Il dono dell’arte
Nell’epoca della standardizzazione, ricevere un regalo che non provenga dal mercato globale è un evento da celebrare: un’occasione per ricordarsi quant’è rara l’unicità
Avete mai ricevuto in dono un libro d’artista? No, non il libro di un artista, o almeno: non semplicemente questo. Non semplicemente un libro scritto da una persona che sappia prendere in mano un pennello e dargli vita, che sappia scolpire l’acciaio donandogli un valore poetico, no: sto parlando di un libro che venga toccato, confezionato, dedicato a voi da una persona che a quelle pagine contenenti piccoli frammenti di vita e di sé non può che associare anche alcuni ritagli della propria arte.

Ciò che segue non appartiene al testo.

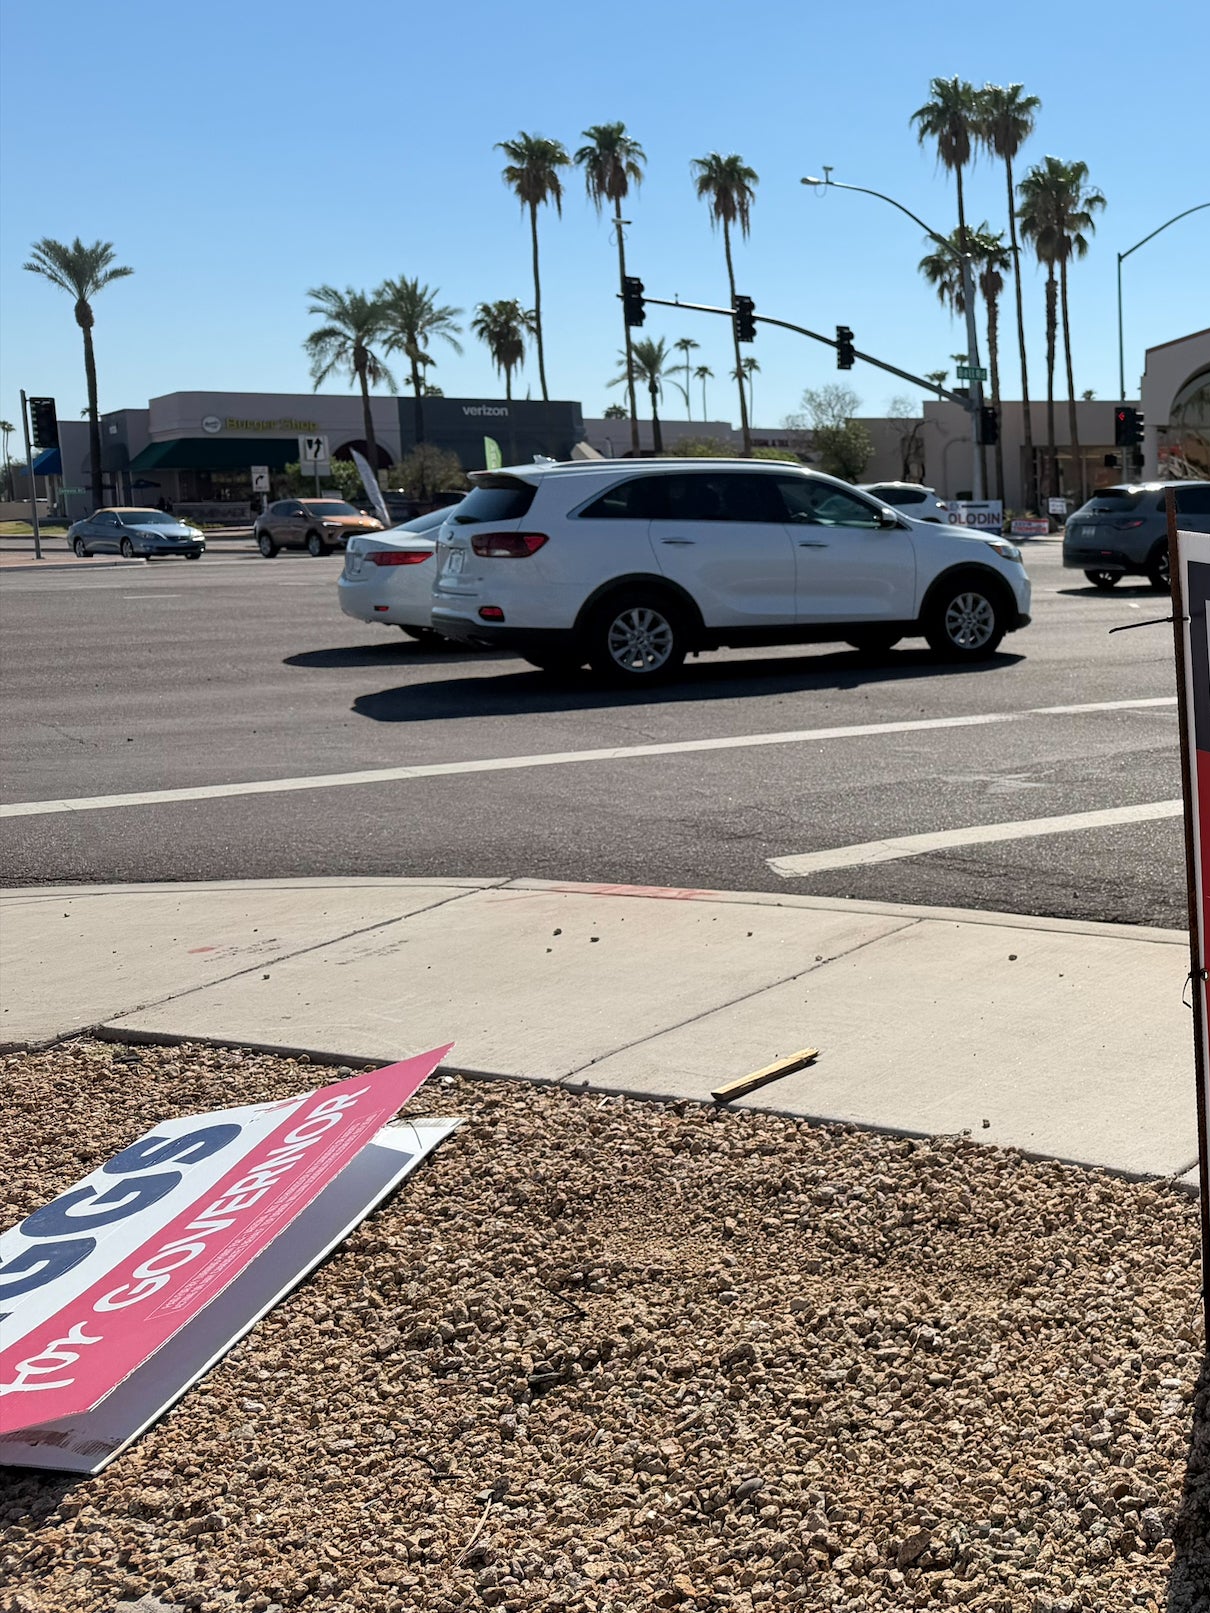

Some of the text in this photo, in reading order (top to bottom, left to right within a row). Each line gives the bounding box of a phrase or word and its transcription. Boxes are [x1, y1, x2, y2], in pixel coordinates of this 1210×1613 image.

[462, 404, 509, 416] verizon
[225, 418, 276, 432] Burger
[279, 418, 318, 432] Shop
[92, 1085, 372, 1312] GOVERNOR

Così, i capitoli sono specchi di carta lucida, ritratti di un colore che s’accende tra le parole.
Rilievi di un monte innevato di tempera bianca, seguiti da vallate d’azzurro profondo e solchi sanguigni, striature di sangue che insegnano come, a volte, sia il dolore a lasciare una traccia sulla tela.

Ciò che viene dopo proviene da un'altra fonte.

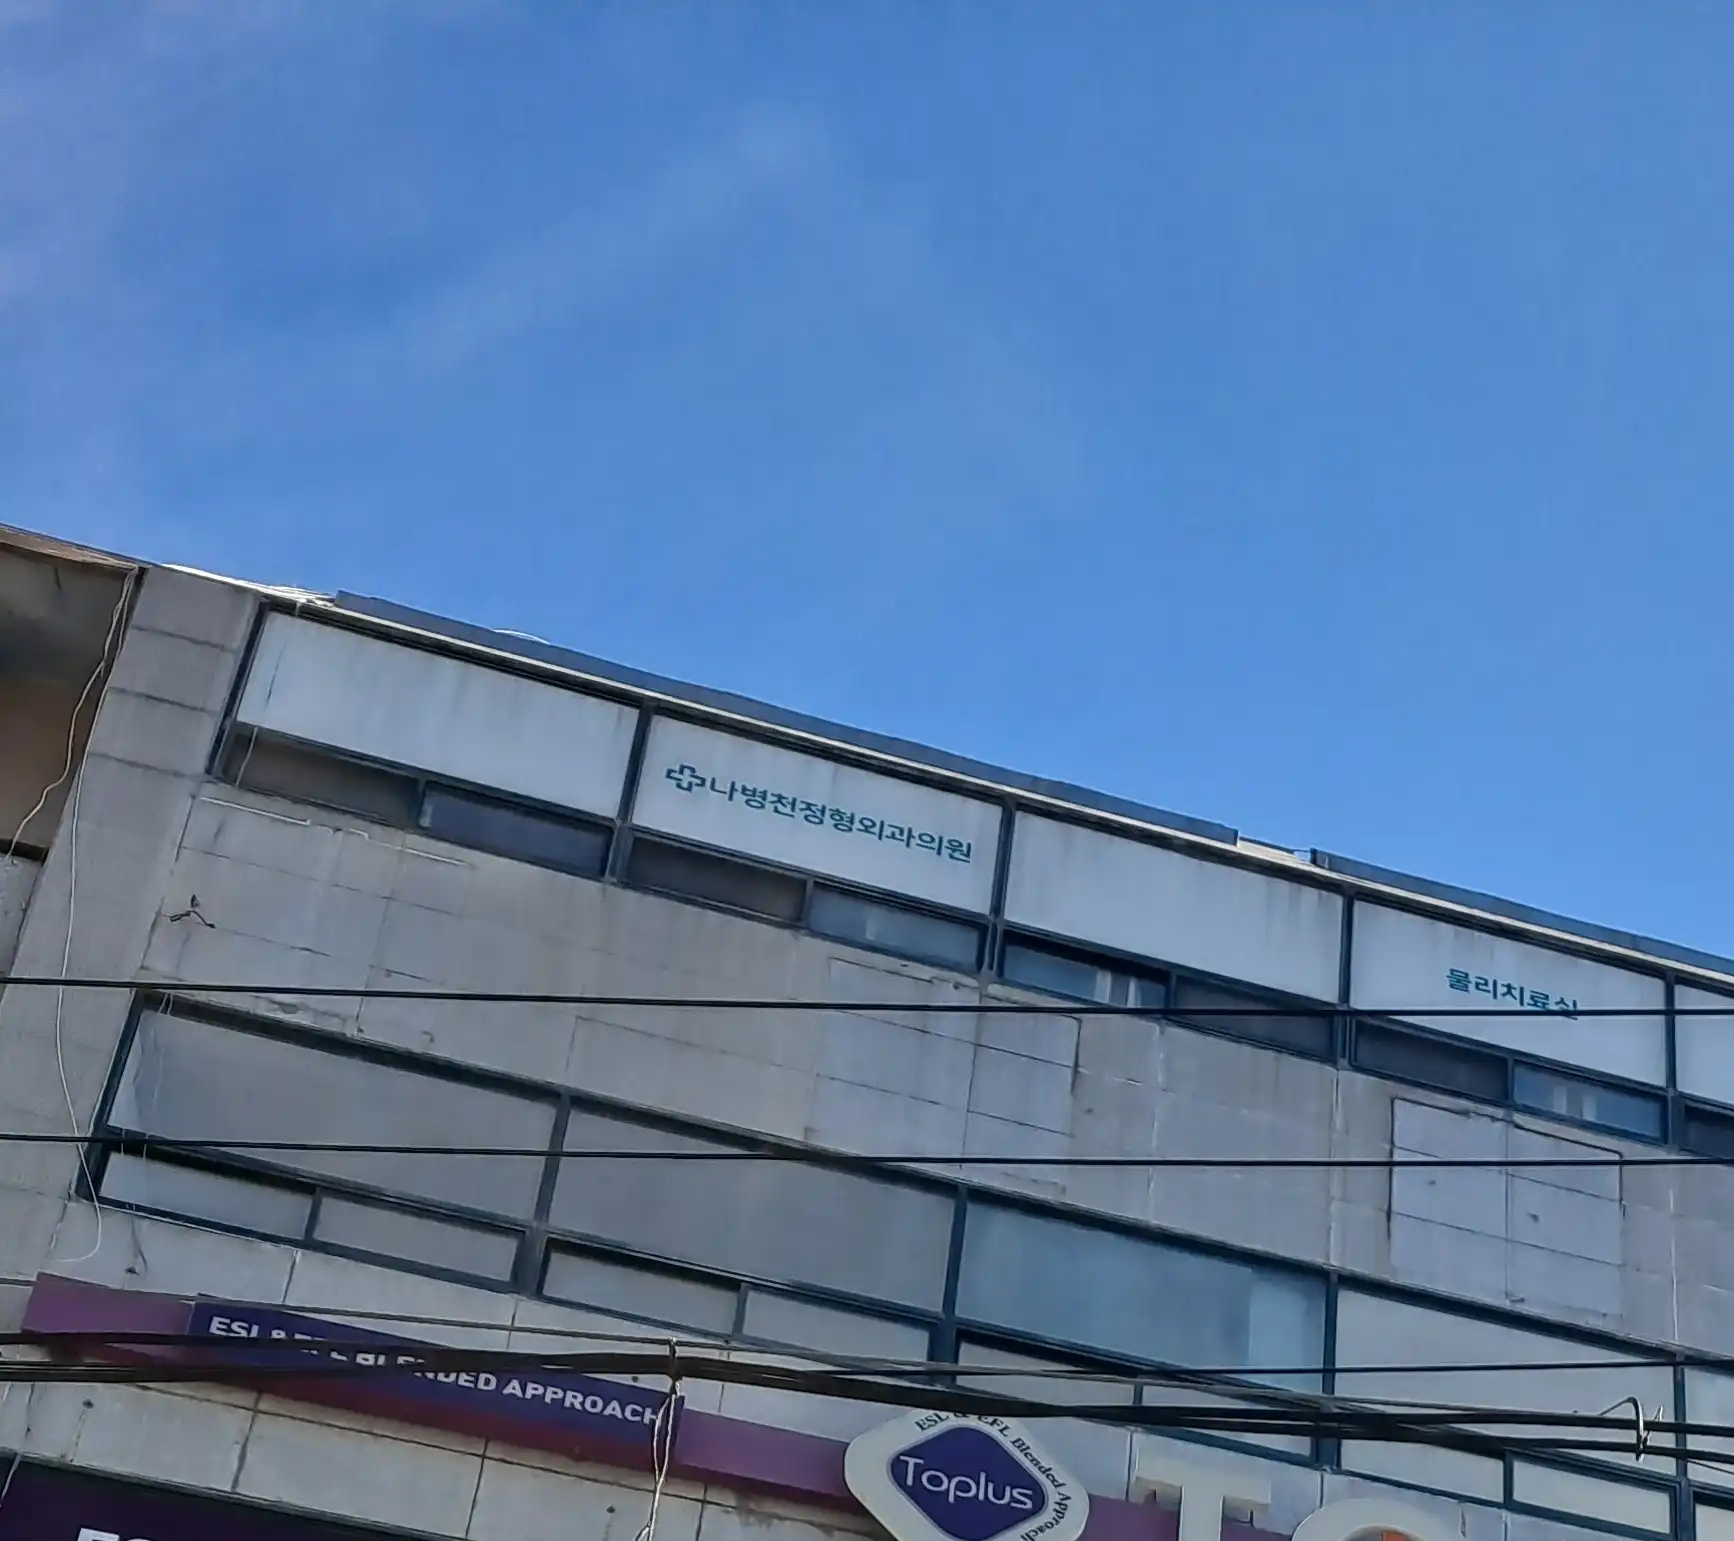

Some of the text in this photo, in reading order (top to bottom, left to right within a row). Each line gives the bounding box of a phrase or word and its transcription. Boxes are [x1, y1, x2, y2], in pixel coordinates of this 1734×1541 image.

[708, 773, 973, 865] 나병천정형외과의원
[1446, 968, 1579, 1021] 물리치료실
[502, 1378, 660, 1426] APPROACH
[900, 1456, 1034, 1511] Toplus
[1010, 1436, 1067, 1490] Blended

Un pugno di bianco e di nero, forse la coda di un pavone albino che ruota e danza in una notte di luna; arabeschi celesti che seguono l’andirivieni zigzagante di un’emozione che, ribelle, non si lascia ingabbiare finché l’opera non si completa, radiosa al suo creatore.
“La tela, prima nuda, ora diventa un vestito di colori che agli occhi non può sfuggire”

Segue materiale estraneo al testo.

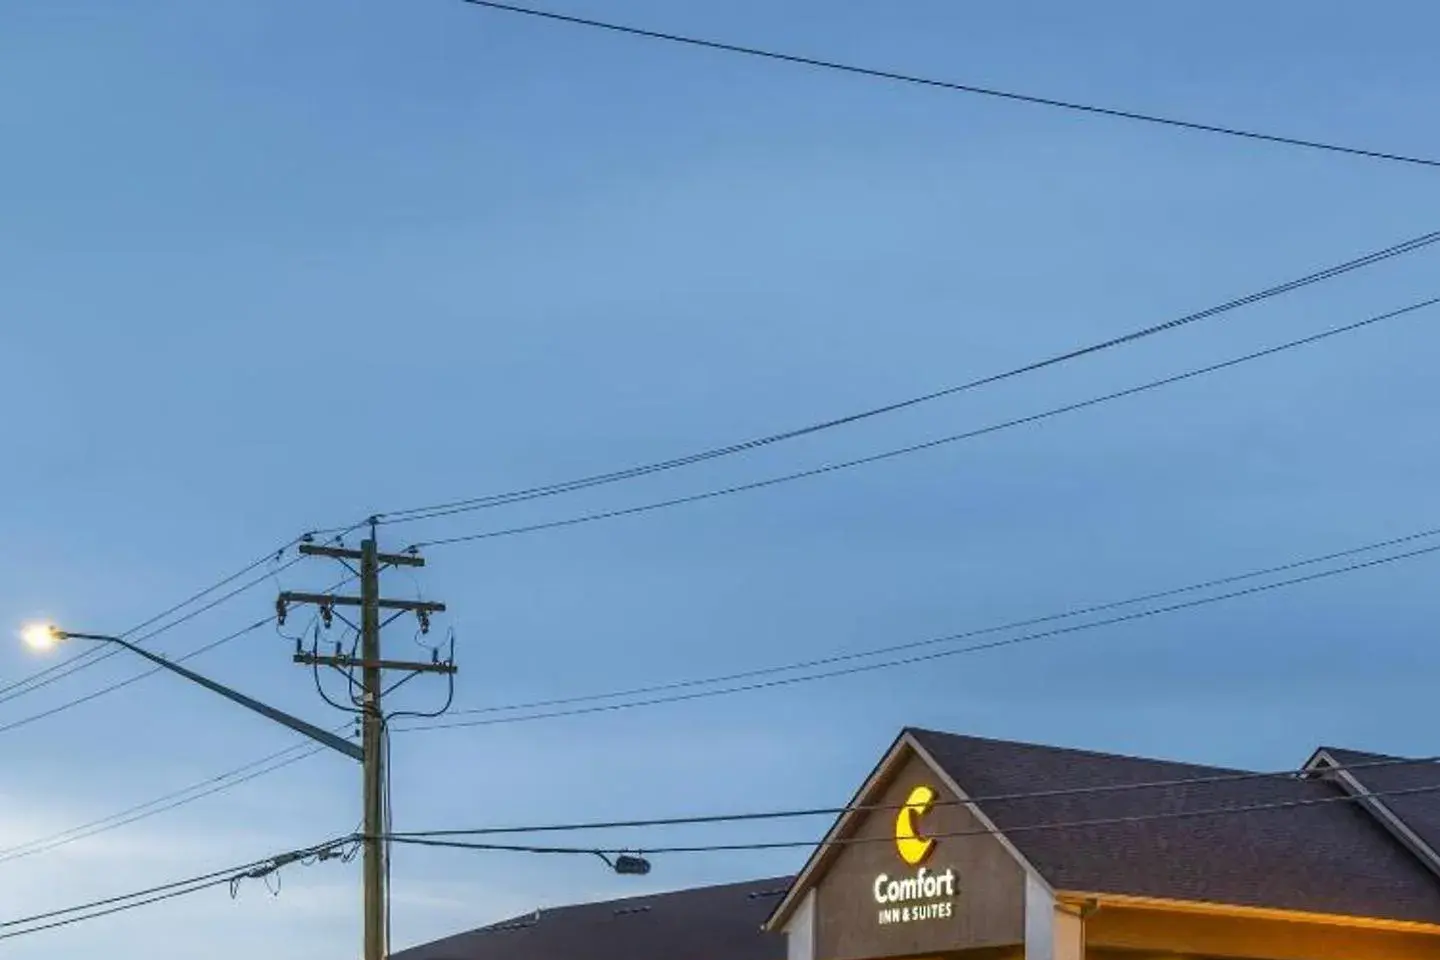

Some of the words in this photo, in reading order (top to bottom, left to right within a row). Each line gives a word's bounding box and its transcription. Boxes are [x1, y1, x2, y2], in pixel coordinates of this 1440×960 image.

[874, 867, 955, 903] Comfort
[879, 908, 900, 924] INN
[902, 907, 911, 922] &
[912, 902, 952, 920] SUITES

Roberto Tresin, Frammenti di vita dentro a parole
Avete mai ricevuto in dono un libro d’artista? Perché a me è capitato. E nessuna libreria, nessuno shop online, nessuna fiera potrebbe restituire la stessa emozione di un segnalibro ricoperto di gocce d’oro, di tratti marini, di sbuffi di candido bianco, che di colpo compare fra le pagine, creando un acceso contrasto con la facciata striata di magenta che gli sta accanto.
Il rilievo di un sole scintilla alla luce di una lampadina, invitando le dita esitanti a posarsi sulla sua superficie staccata dal foglio ruvido: la materialità di più curve accostate si lascia accarezzare, come sarebbe proibito fare se fossimo all’interno di un museo. Ed ecco che forse, con la semplice aggiunta di un ritaglio di carta, si capisce il senso dell’arte portata all’esterno di una galleria, di un’esposizione statica di cui si dimentica la componente tattile, il valore del respiro su una superficie che si può sfiorare con il proprio fiato, fino a sentire l’odore della tempera, fino a muoverla, tenendola tra i polpastrelli, portandola via da una fonte di luce ed avvicinandola ad un’altra.
La riscoperta dell’arte
La pittura diventa movimento, a tutti gli effetti. Quello del colore, delle linee, della tela, ma anche il tuo, quello delle tue mani curiose, che possono agire su qualcosa che ti è stato insegnato a guardare soltanto, da lontano, sotto riflettori magari inadatti a mostrare la bellezza o le pure caratteristiche di un quadro, in fila dietro ad altre schiene, ad altri visi protesi, oppure dal basso, alla disperata ricerca di uno zoom per raggiungere un affresco riservato alla volta di un ambiente troppo grande per il tuo paio d’occhiali.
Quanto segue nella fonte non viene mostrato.